Smart inverters are going to play a major role in how utilities manage rooftop solar's effect on the edges of their grids. They could also be a key interconnection point for behind-the-meter batteries, smart thermostats and appliances, plug-in electric vehicles, and other distributed energy resources. 

On Tuesday, home energy management provider EnergyHub and inverter maker SMA announced a new step in making this kind of cross-DER aggregation a reality. It will start with an Arizona Public Service pilot project, aimed at taking the utility’s groundbreaking smart inverter work into a broader context. In the coming months, EnergyHub is poised to deliver the same functionality to its more than 40 utility customers, according to Tuesday's press release.

The APS pilot will tap SMA smart inverters at commercial and multifamily housing solar PV systems, combining them with a growing fleet of homes and businesses equipped with rooftop solar, smart thermostats, smart water heaters and behind-the-meter batteries. EnergyHub and APS will then operate these systems in tandem to help shift the state’s surplus of solar energy later in the day, stabilize solar-saturated distribution circuits, and otherwise turn what could be a disruptive set of distributed energy resources (DERs) into a grid-reinforcing asset.

Key markets like Hawaii and California already require that inverters come with key advanced capabilities, ranging from grid-stabilizing automated features to, eventually, more complex aggregated controls. But utilities and solar inverter makers haven’t really started turning on these capabilities, beyond pilot projects.

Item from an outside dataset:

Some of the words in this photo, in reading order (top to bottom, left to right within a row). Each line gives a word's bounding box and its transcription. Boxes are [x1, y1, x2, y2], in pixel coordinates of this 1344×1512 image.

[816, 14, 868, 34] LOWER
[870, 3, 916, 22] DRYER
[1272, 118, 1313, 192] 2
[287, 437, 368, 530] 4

But APS is ahead of other U.S. utilities in its smart inverter work, helped along by state regulations that allow it to own the solar, inverter and other assets associated with this and other select DER pilots. In fact, its work with the Electric Power Research Institute has informed utility smart inverter pilots across the country. 

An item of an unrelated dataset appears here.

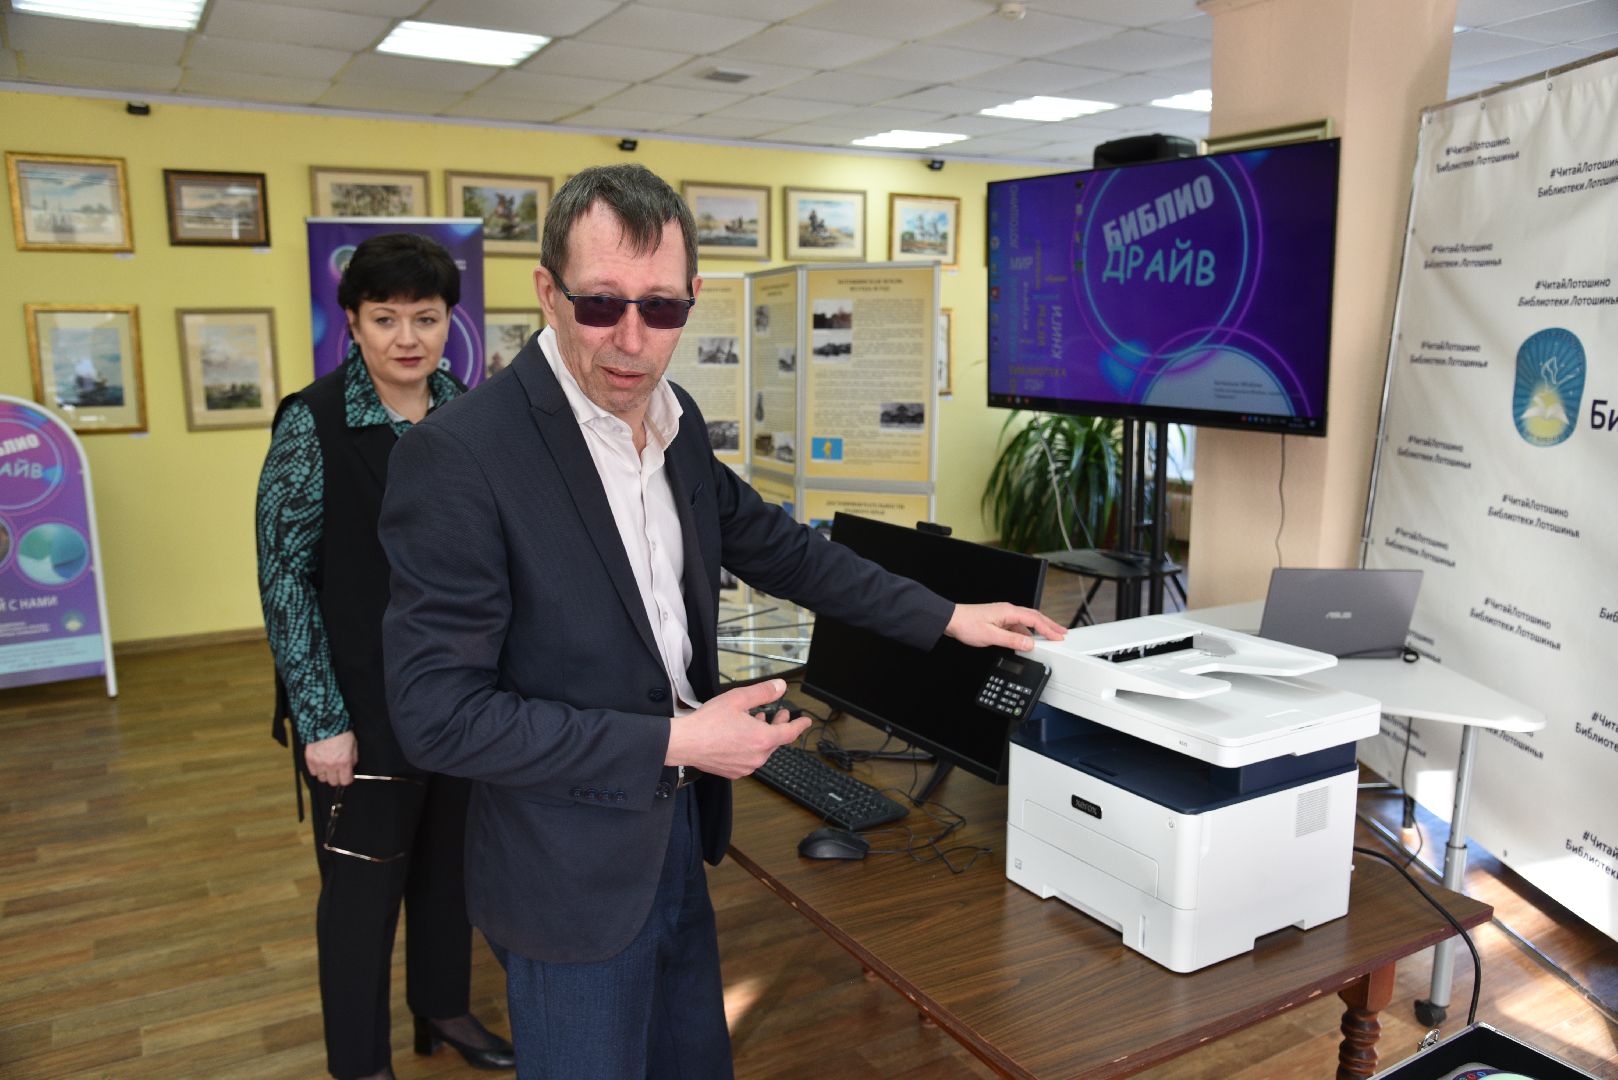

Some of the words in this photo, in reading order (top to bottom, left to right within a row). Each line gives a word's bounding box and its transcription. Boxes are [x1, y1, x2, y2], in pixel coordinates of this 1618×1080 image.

Likewise, APS’ work with EnergyHub is one of the first efforts to include smart inverters with other DERs, Matthew Johnson, EnergyHub’s vice president of business development, noted in a Tuesday interview. That’s important, because while smart inverters are an important linchpin in utility-to-DER communications and controls, they’re only one tool in a broader array that it’s working with to meet APS’ broader goals. 

The big-picture problem for APS is its oversupply of solar generation at midday, which matches the “duck curve” supply-demand imbalance of neighboring California’s energy market, he noted. “They’re very interested in how to curtail solar output and match load to solar output,” largely by using batteries, water heaters and thermostat settings to "soak up" excess midday solar generation to use later in the day, when solar production is fading and customer electricity demand is rising. Last year, APS launched new rates that are among the first in the country aimed specifically at encouraging people to use more energy at certain times of the day in this way.

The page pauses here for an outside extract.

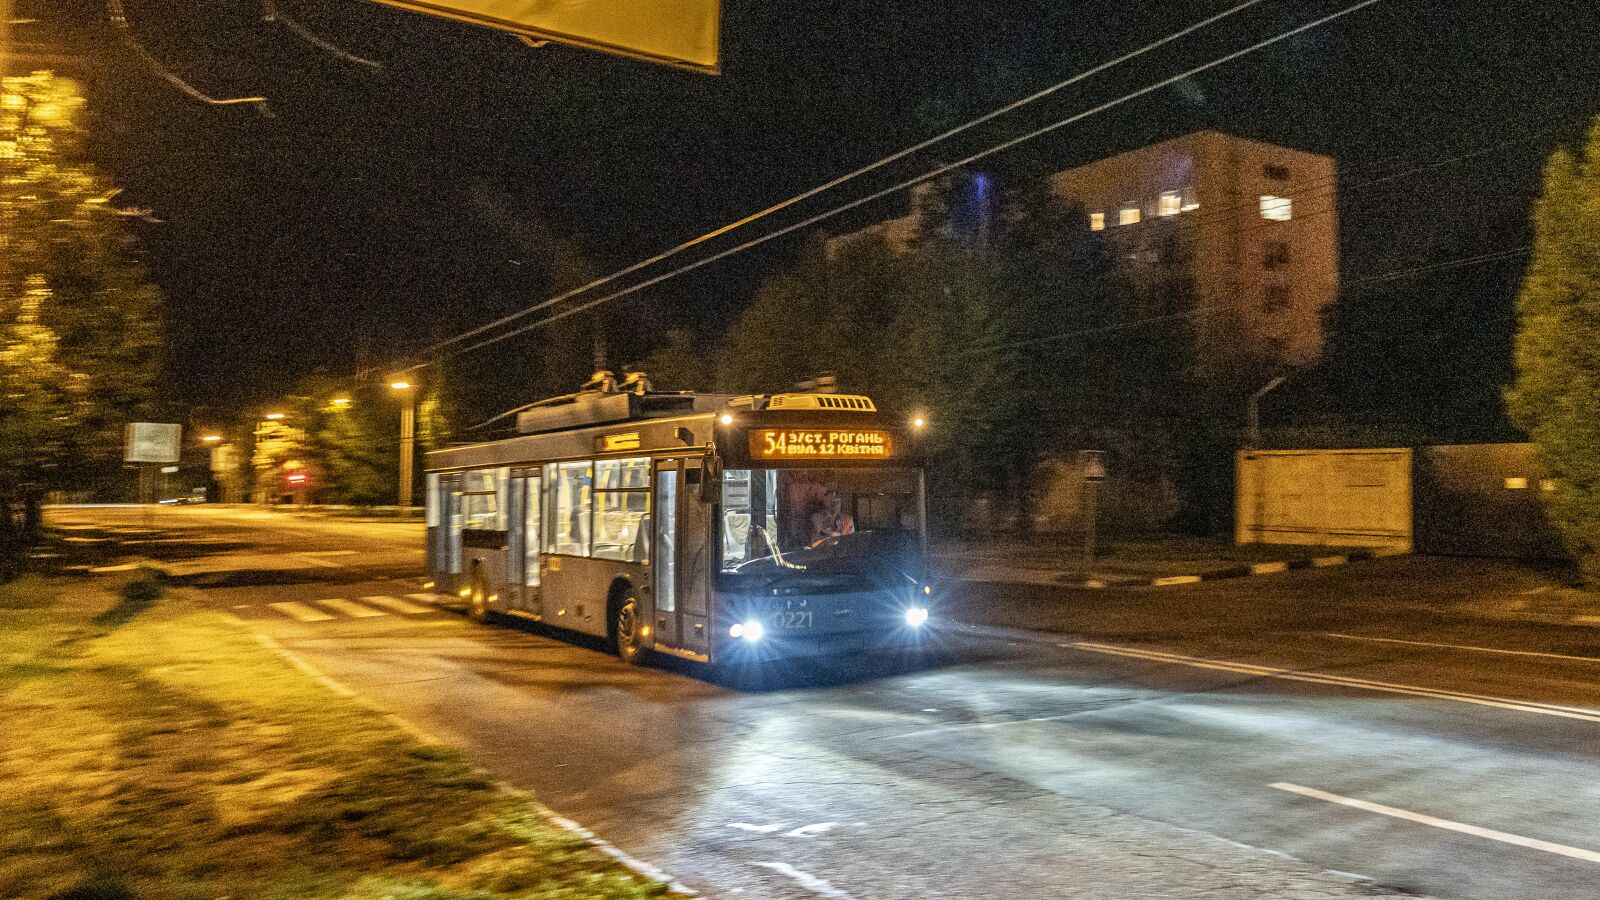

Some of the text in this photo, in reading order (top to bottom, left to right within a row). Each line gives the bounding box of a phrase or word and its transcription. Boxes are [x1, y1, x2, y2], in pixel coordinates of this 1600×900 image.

[765, 432, 786, 454] 54
[830, 432, 883, 444] РОГАНЬ
[819, 444, 835, 454] 12
[774, 612, 813, 628] 0221

Standardizing the DERMS-smart inverter interface

While these DERs offer energy storage and load-shifting capability, however, it’s the smart inverters that serve as their interconnection to the grid at large, he said. What’s more, inverters can adjust their operations to inject reactive power to boost voltage, ramp output up and down more smoothly to ease sags and surges in local PV output, and otherwise serve as shock absorbers for the solar power they’re feeding to the grid, according to Johnson. 

These capabilities can be very helpful in solving the local distribution circuit problems that can arise with heavy penetration of distributed solar, as projects in Hawaii, California and other vanguard markets have shown.  But “to take inverters shipped with standard settings and dynamically reach in there and respond to specific grid conditions— we’re fairly confident this is a unique project,” he said. 

It’s also a rare instance of a distributed energy resource management system (DERMS) that has operationalized smart inverter capabilities using standards-based technologies, Johnson noted. Its implementation with APS will use the IEEE 2030.5 standard for energy data communications, also known as Smart Energy Profile 2.0. And the EnergyHub-SMA integration is compliant with California's Rule 21, which governs DER interconnection in the state, and the Common Smart Inverter Profile, developed by industry group SunSpec Alliance. 

Brooklyn, New York-based EnergyHub, which was acquired by Alarm.com in 2013, has about 40 utilities using its Mercury DERMS platform, most of them in full-scale deployments, CEO Seth Frader-Thompson said in an interview last year. While its smart inverter work with APS is largely aimed at data-gathering and analysis, the effort also supports the kind of remote reconfiguration that has been standard for solar inverters since early this decade, after Germany’s solar industry was forced to spend hundreds of millions of euros to retrofit inverters to ensure they didn’t all trip offline at once during voltage excursions.  

And as Johnson noted this week, while EnergyHub is working with utility-owned assets in the APS pilot, “there’s no reason for other deployments not to control customer-owned assets,” as long as the customers and solar or inverter vendors involved are signed on. 

SMA, for one, has already integrated its cloud platform for managing its inverter fleet with EnergyHub’s Mercury DERMS, he noted, making integrating existing or new SMA inverters compatible with the same level of monitoring and controls it’s working on with APS — at least for inverters made in the past few years.